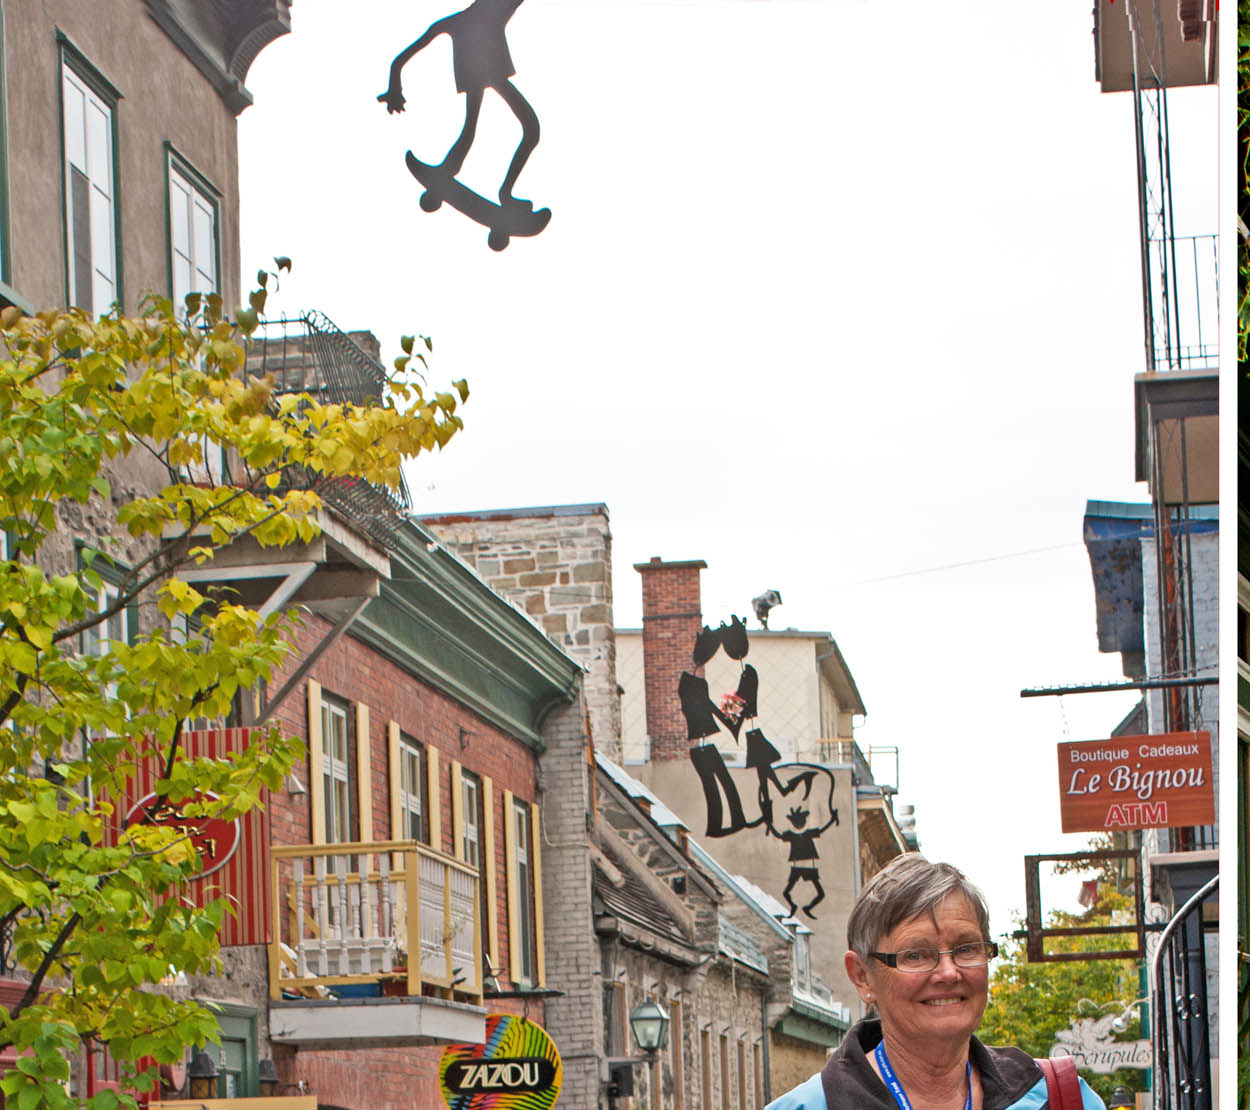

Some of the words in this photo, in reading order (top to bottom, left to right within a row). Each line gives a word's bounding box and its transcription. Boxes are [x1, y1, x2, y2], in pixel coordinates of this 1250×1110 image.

[1070, 748, 1129, 763] Boutique
[1138, 743, 1199, 758] Cadeaux
[1067, 767, 1101, 795] Le
[1107, 763, 1205, 800] Bignou
[1104, 801, 1168, 827] ATM
[1050, 1043, 1151, 1071] Scrupules
[459, 1062, 540, 1089] ZAZOU
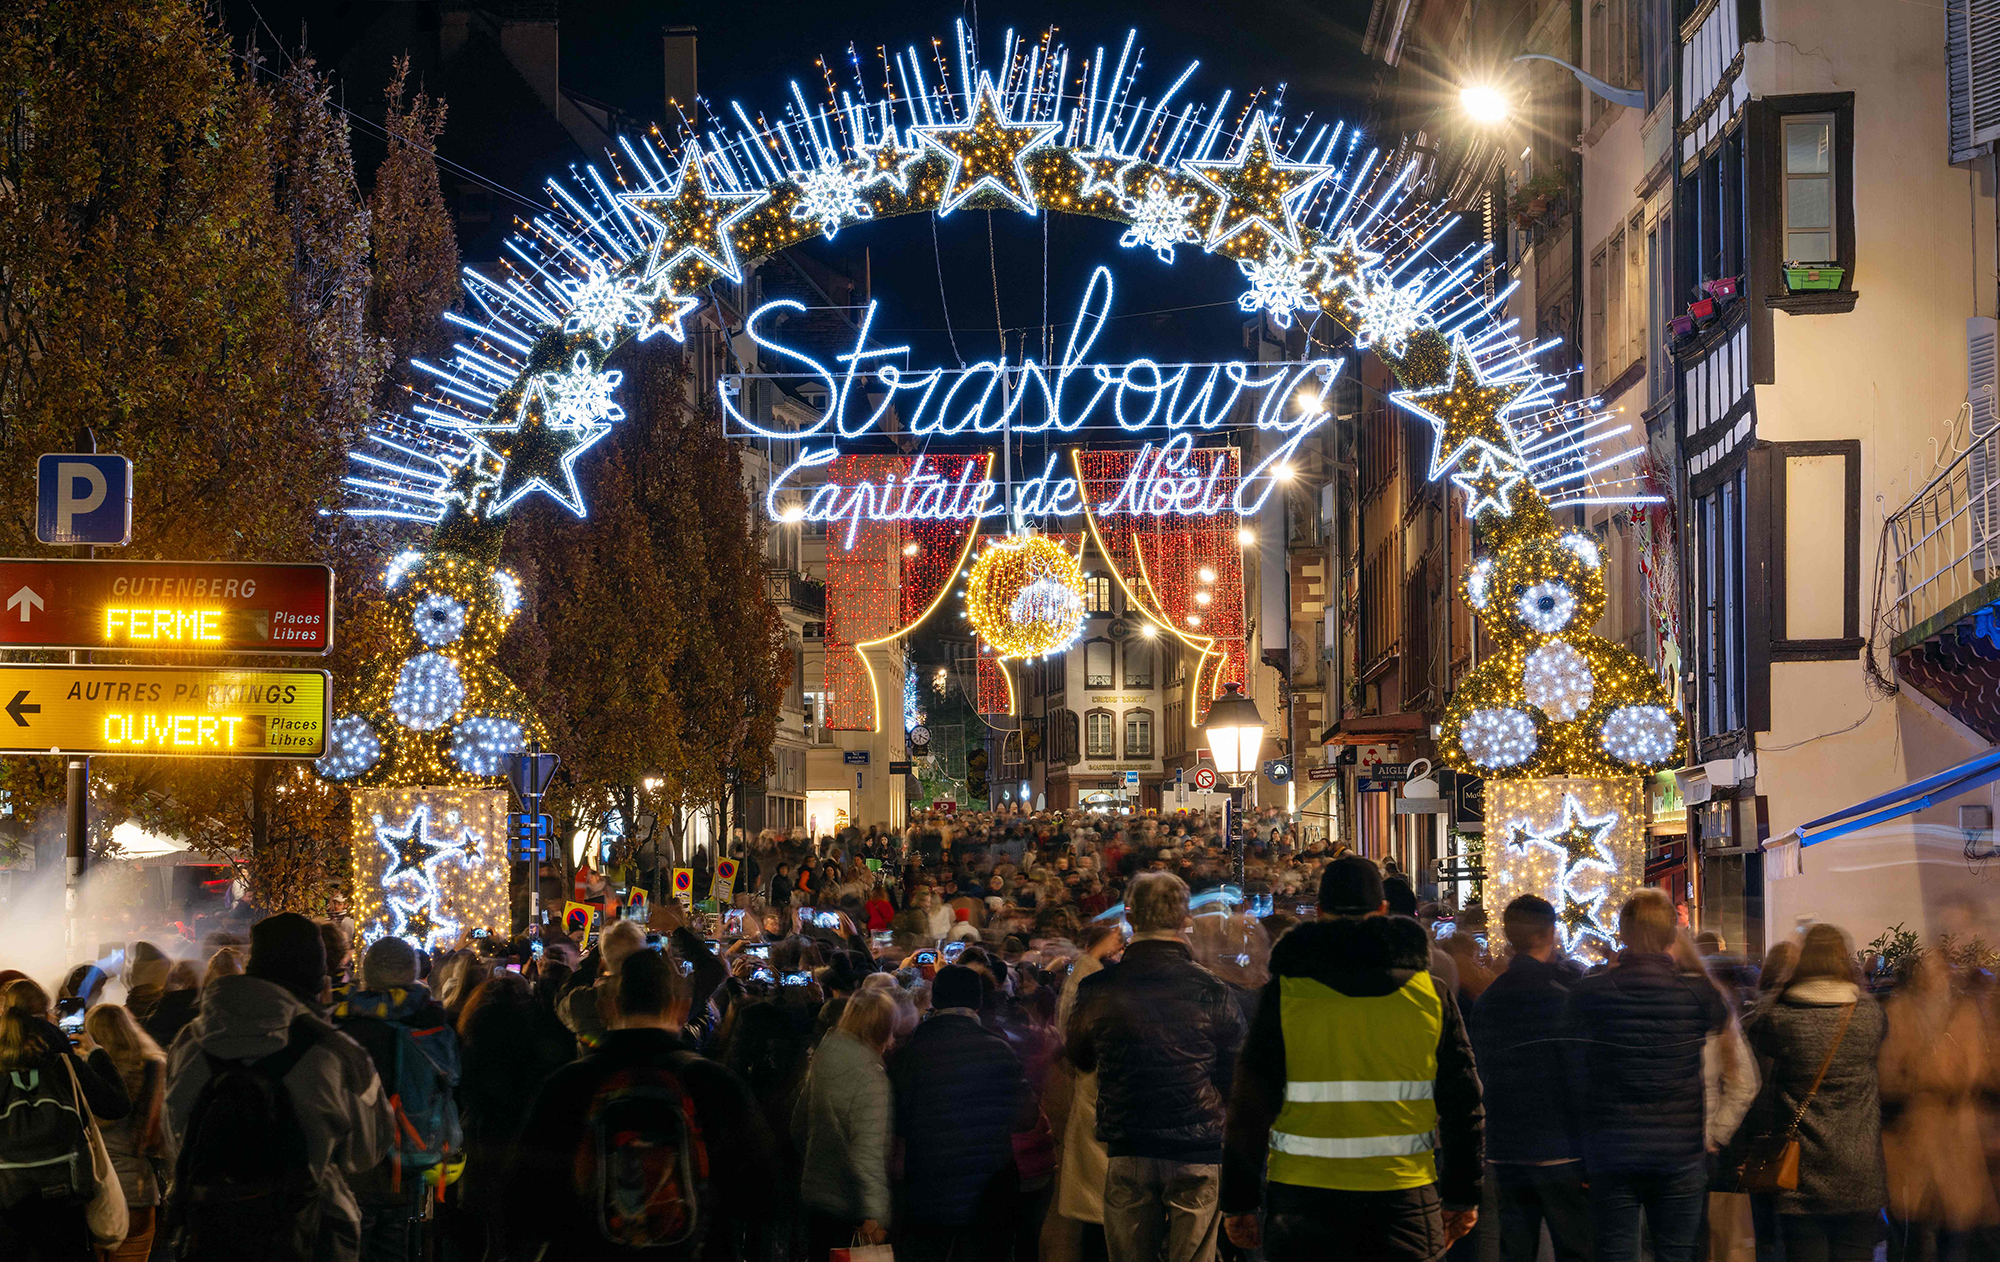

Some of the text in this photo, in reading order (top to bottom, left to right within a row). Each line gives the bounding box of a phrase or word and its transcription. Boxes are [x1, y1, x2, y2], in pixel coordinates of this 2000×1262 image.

[717, 266, 1346, 516] Strasbourg
[57, 462, 107, 535] P
[766, 433, 1231, 551] Capitale de Noël
[112, 576, 257, 598] GUTENBERG
[105, 607, 223, 642] FERME
[273, 611, 321, 625] Places
[273, 627, 318, 641] Libres
[66, 681, 298, 705] AUTRES PARKINGS
[103, 713, 243, 747] OUVERT
[270, 717, 319, 731] Places
[270, 733, 315, 747] Libres
[1378, 766, 1408, 775] AIGLE

* Task item
Starting with the line that contains "Some of the text", return each line through the last one of the data above, exactly as written and nothing more.

* Your response
Some of the text in this photo, in reading order (top to bottom, left to right within a row). Each line gives the bounding box of a phrase or word and its transcription. Boxes are [x1, y1, x2, y2], in pixel coordinates of this 2000×1262 image.

[717, 266, 1346, 516] Strasbourg
[57, 462, 107, 535] P
[766, 433, 1231, 551] Capitale de Noël
[112, 576, 257, 598] GUTENBERG
[105, 607, 223, 642] FERME
[273, 611, 321, 625] Places
[273, 627, 318, 641] Libres
[66, 681, 298, 705] AUTRES PARKINGS
[103, 713, 243, 747] OUVERT
[270, 717, 319, 731] Places
[270, 733, 315, 747] Libres
[1378, 766, 1408, 775] AIGLE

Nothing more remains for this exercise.